Chair: Fei Wang Organizer: Etienne de Klerk
9:00

Cécile Hautecoeur

joint work with François Glineur

Nonnegative matrix factorization over polynomial signals via a sum-of-squares approach

Nonnegative matrix factorization (NMF) is a linear dimensionality reduction technique successfully used for analysis of discrete data, such as images. It is a discrete process by nature while the analyzed signals may be continuous. The aim of this work is to extend NMF to deal with continuous signals, avoiding a priori discretization. In other words, we seek a small basis of nonnegative signals capable of additively reconstructing a large dataset.
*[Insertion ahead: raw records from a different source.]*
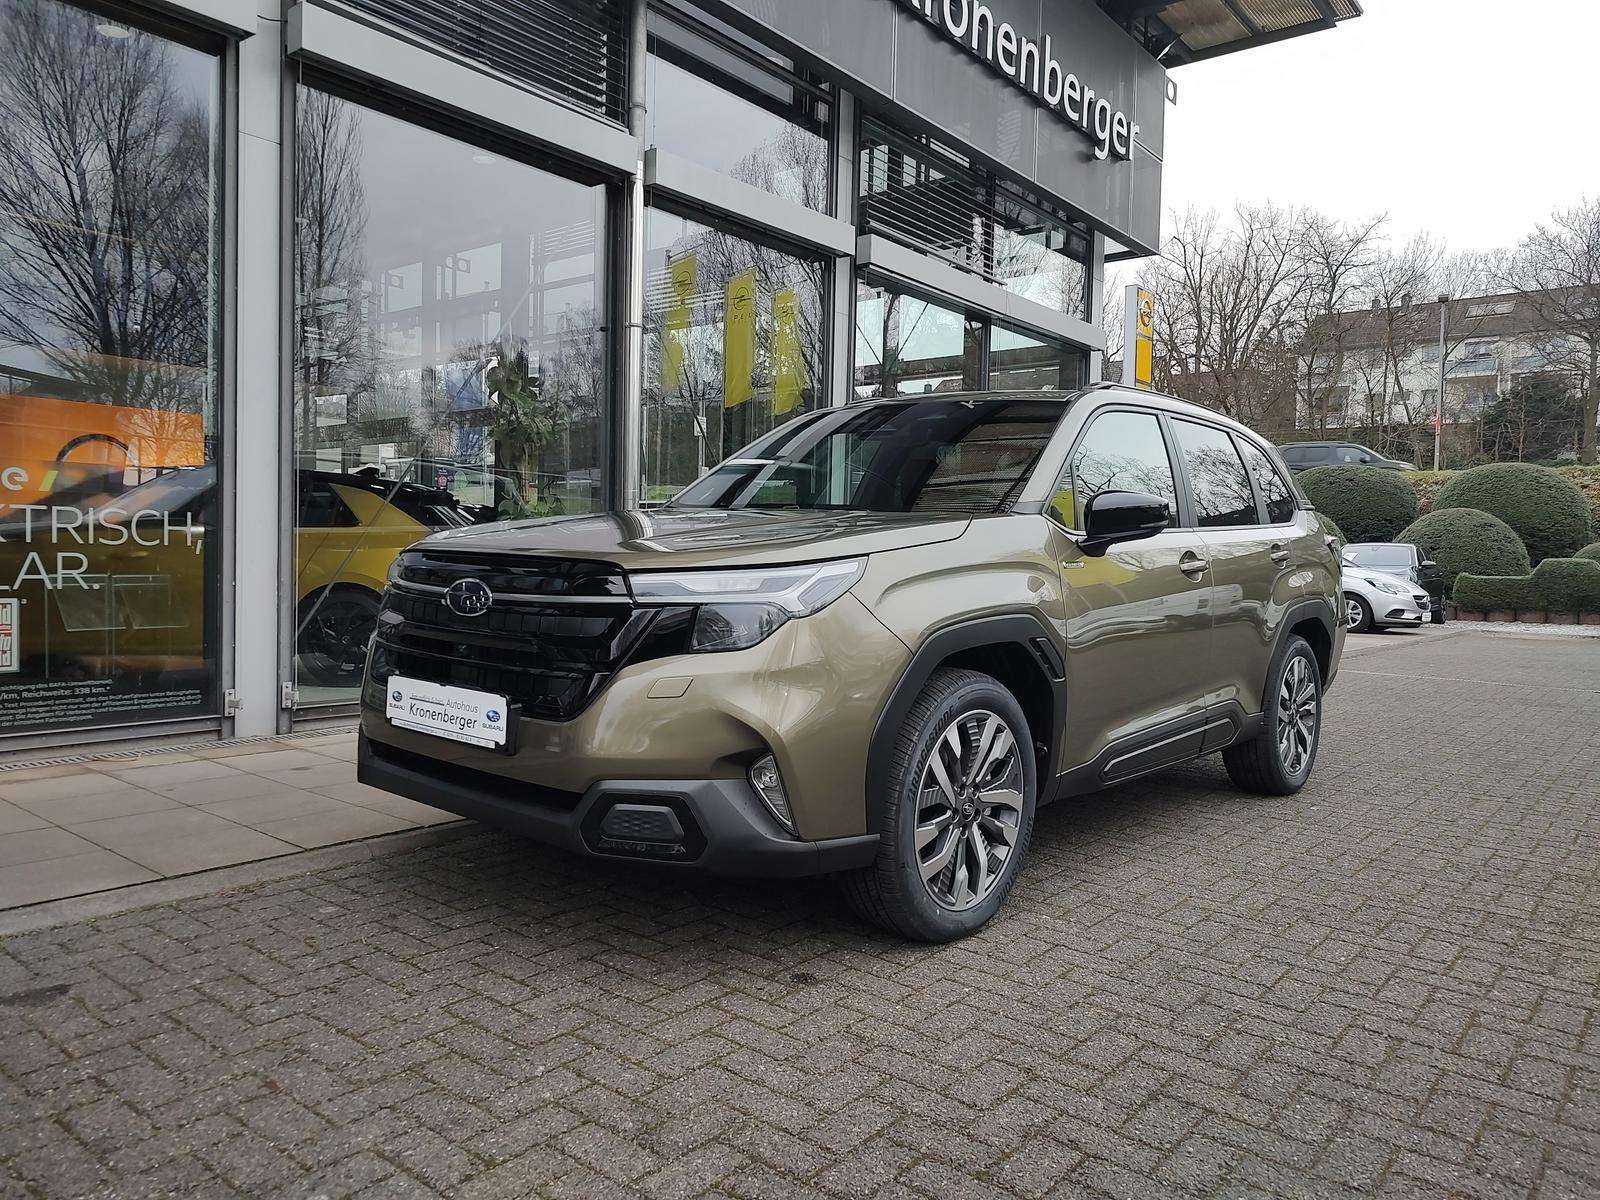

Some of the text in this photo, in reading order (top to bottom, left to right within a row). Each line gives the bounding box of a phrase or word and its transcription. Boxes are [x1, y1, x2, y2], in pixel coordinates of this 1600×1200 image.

[911, 0, 1139, 160] onenberger
[0, 504, 203, 555] TRISCH,
[22, 689, 73, 698] Reichweite:
[409, 702, 478, 730] Kronenberger
[446, 699, 479, 714] Autohaus
[482, 722, 504, 732] SUBARU
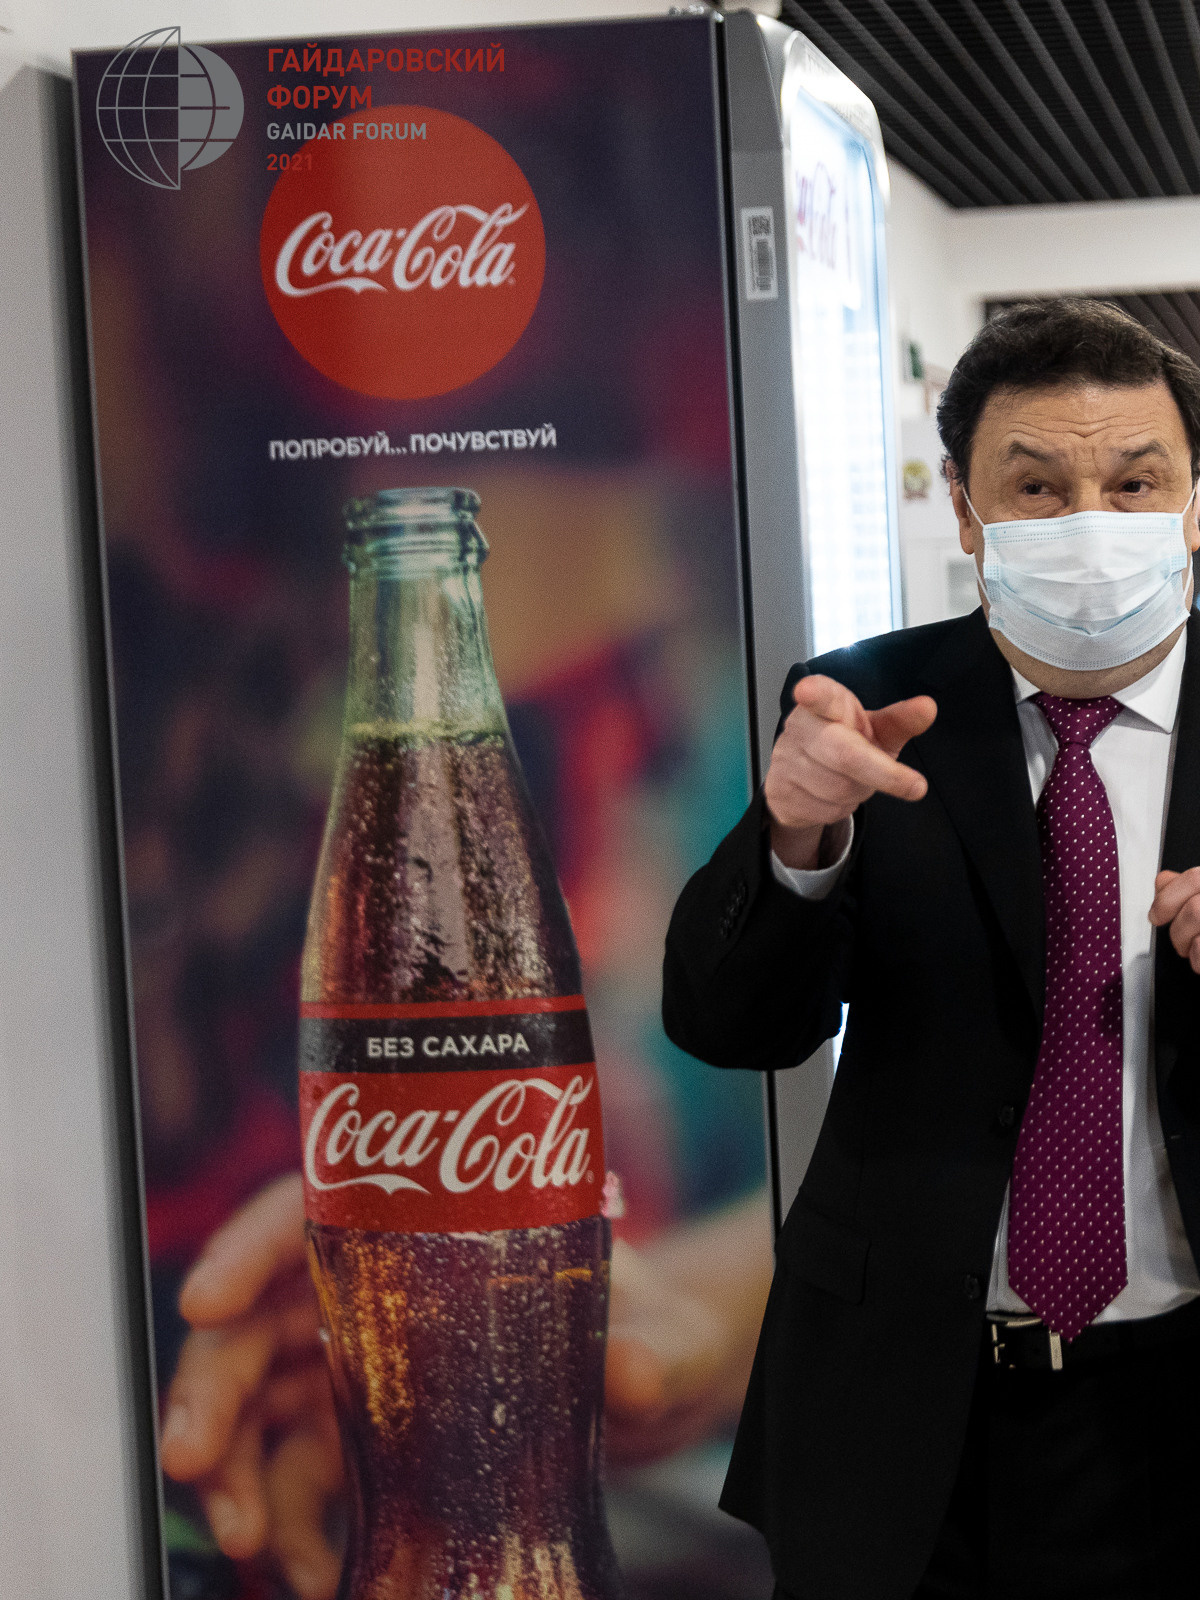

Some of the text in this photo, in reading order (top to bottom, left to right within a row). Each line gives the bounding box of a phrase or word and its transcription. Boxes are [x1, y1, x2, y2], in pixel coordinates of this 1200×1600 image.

[275, 202, 529, 297] Coca-Cola
[410, 423, 557, 454] ПОЧУВСТВУЙ
[366, 1032, 530, 1058] БЕЗ САХАРА
[305, 1074, 594, 1194] Coca-Cola
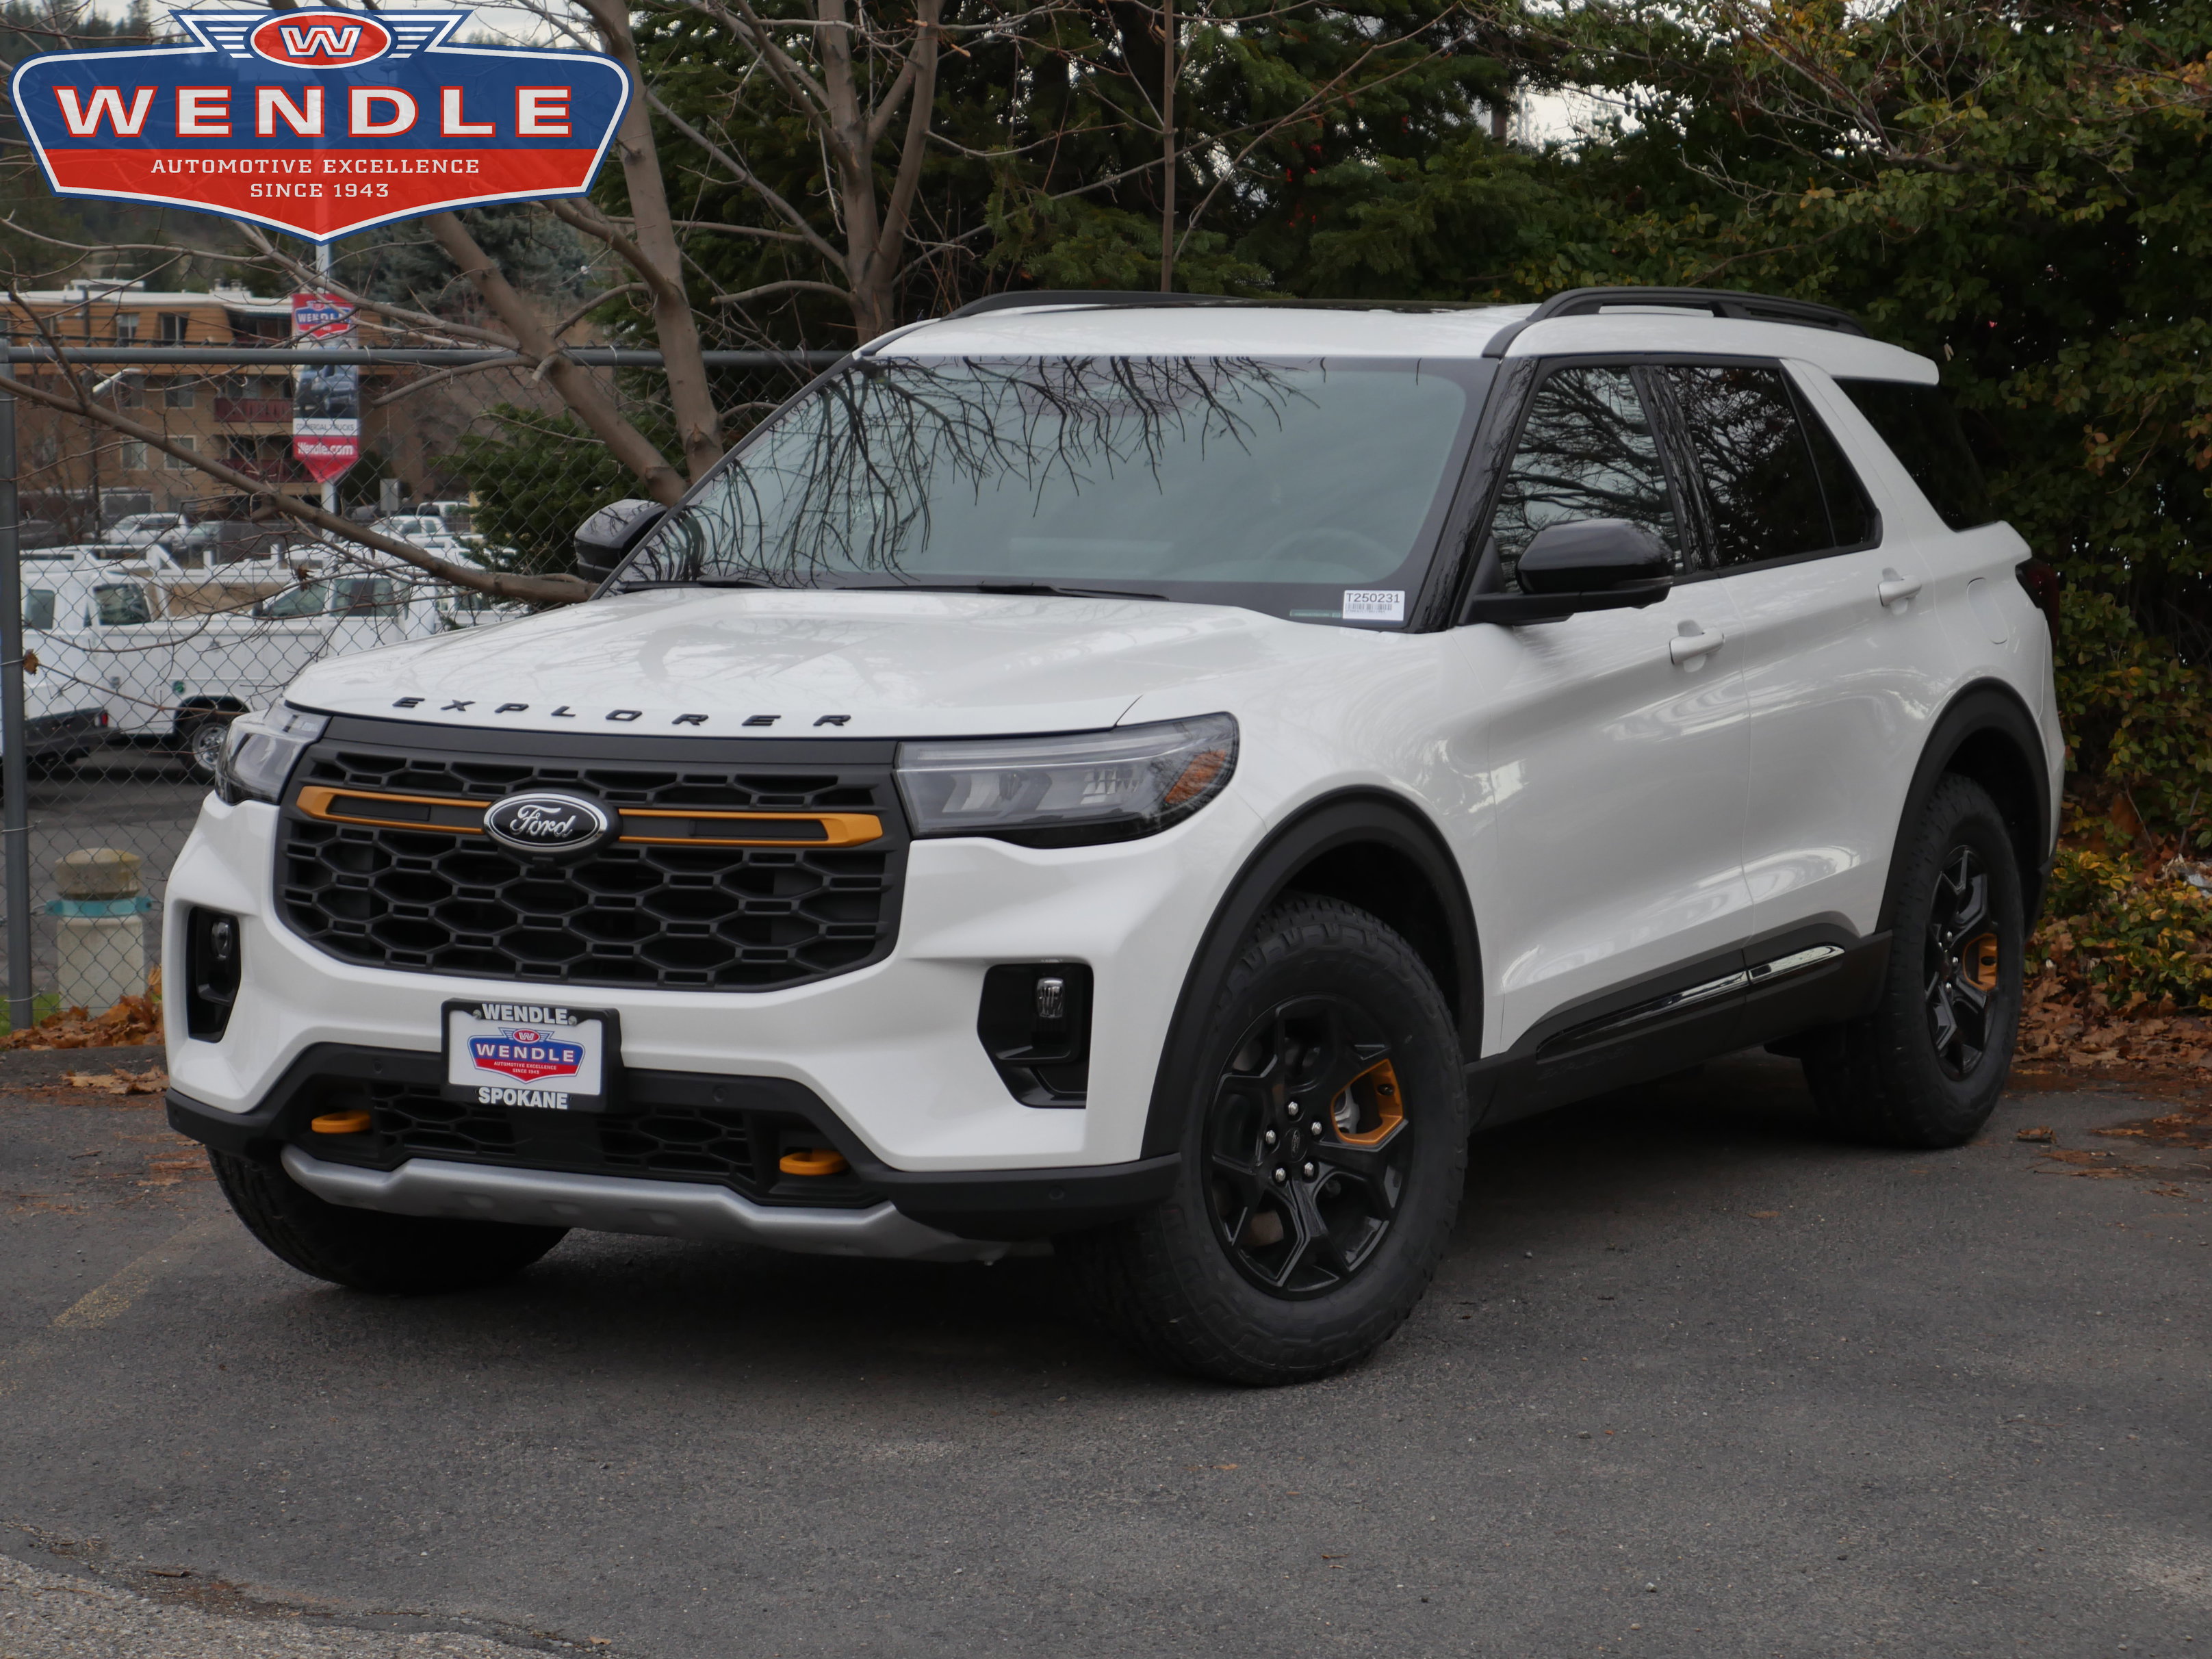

We propose a new method to compute NMF for polynomials or splines using an alternating minimization scheme relying on sum-of-squares representation.

9:25

Fei Wang

Noisy Euclidean Distance Matrix Completion with A Single Missing Node

We present several solution techniques for the noisy single source localization problem,i.e.,~the Euclidean distance matrix completion problem with a single missing node to locate under noisy data. For the case that the sensor locations are fixed, we show that this problem is implicitly convex, and we provide a purification algorithm along with the SDP relaxation to solve it efficiently and accurately. For the case that the sensor locations are relaxed, we study a model based on facial reduction. We present several approaches to solve this problem efficiently and compare their performance.